WHAT THE TASK REQUIRES:
Below are the records; print them all without any alteration.

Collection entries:
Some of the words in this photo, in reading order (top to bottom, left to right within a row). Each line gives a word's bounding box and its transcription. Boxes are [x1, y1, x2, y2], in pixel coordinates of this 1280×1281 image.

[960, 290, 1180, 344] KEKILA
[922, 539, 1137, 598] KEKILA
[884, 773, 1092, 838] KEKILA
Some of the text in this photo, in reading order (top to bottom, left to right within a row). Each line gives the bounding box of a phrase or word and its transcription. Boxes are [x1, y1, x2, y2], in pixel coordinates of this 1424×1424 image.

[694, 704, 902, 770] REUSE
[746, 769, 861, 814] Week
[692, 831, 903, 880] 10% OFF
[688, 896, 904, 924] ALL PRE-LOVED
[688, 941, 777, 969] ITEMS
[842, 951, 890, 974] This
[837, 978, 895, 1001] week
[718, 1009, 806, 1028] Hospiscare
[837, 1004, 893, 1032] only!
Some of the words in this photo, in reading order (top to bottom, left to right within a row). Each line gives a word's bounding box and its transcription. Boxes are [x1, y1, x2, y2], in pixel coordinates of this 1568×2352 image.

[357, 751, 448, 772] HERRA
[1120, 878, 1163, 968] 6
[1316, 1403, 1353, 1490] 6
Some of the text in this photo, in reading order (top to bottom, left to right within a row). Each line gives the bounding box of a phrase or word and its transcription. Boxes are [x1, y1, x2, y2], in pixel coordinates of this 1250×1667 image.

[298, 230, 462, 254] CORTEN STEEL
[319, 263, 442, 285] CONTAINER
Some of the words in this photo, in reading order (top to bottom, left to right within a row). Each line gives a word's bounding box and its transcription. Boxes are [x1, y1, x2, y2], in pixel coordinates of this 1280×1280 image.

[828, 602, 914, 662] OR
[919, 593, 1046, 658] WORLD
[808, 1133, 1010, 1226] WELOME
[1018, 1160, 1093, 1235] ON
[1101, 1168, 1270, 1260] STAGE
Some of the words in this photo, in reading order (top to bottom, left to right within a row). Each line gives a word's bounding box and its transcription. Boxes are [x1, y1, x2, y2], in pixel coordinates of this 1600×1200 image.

SOLUTION TO THIS TASK:
Some of the words in this photo, in reading order (top to bottom, left to right within a row). Each line gives a word's bounding box and its transcription. Boxes are [x1, y1, x2, y2], in pixel coordinates of this 1280×1281 image.

[960, 290, 1180, 344] KEKILA
[922, 539, 1137, 598] KEKILA
[884, 773, 1092, 838] KEKILA
Some of the text in this photo, in reading order (top to bottom, left to right within a row). Each line gives the bounding box of a phrase or word and its transcription. Boxes are [x1, y1, x2, y2], in pixel coordinates of this 1424×1424 image.

[694, 704, 902, 770] REUSE
[746, 769, 861, 814] Week
[692, 831, 903, 880] 10% OFF
[688, 896, 904, 924] ALL PRE-LOVED
[688, 941, 777, 969] ITEMS
[842, 951, 890, 974] This
[837, 978, 895, 1001] week
[718, 1009, 806, 1028] Hospiscare
[837, 1004, 893, 1032] only!
Some of the words in this photo, in reading order (top to bottom, left to right within a row). Each line gives a word's bounding box and its transcription. Boxes are [x1, y1, x2, y2], in pixel coordinates of this 1568×2352 image.

[357, 751, 448, 772] HERRA
[1120, 878, 1163, 968] 6
[1316, 1403, 1353, 1490] 6
Some of the text in this photo, in reading order (top to bottom, left to right within a row). Each line gives the bounding box of a phrase or word and its transcription. Boxes are [x1, y1, x2, y2], in pixel coordinates of this 1250×1667 image.

[298, 230, 462, 254] CORTEN STEEL
[319, 263, 442, 285] CONTAINER
Some of the words in this photo, in reading order (top to bottom, left to right within a row). Each line gives a word's bounding box and its transcription. Boxes are [x1, y1, x2, y2], in pixel coordinates of this 1280×1280 image.

[828, 602, 914, 662] OR
[919, 593, 1046, 658] WORLD
[808, 1133, 1010, 1226] WELOME
[1018, 1160, 1093, 1235] ON
[1101, 1168, 1270, 1260] STAGE
Some of the words in this photo, in reading order (top to bottom, left to right within a row). Each line gives a word's bounding box and its transcription. Boxes are [x1, y1, x2, y2], in pixel coordinates of this 1600×1200 image.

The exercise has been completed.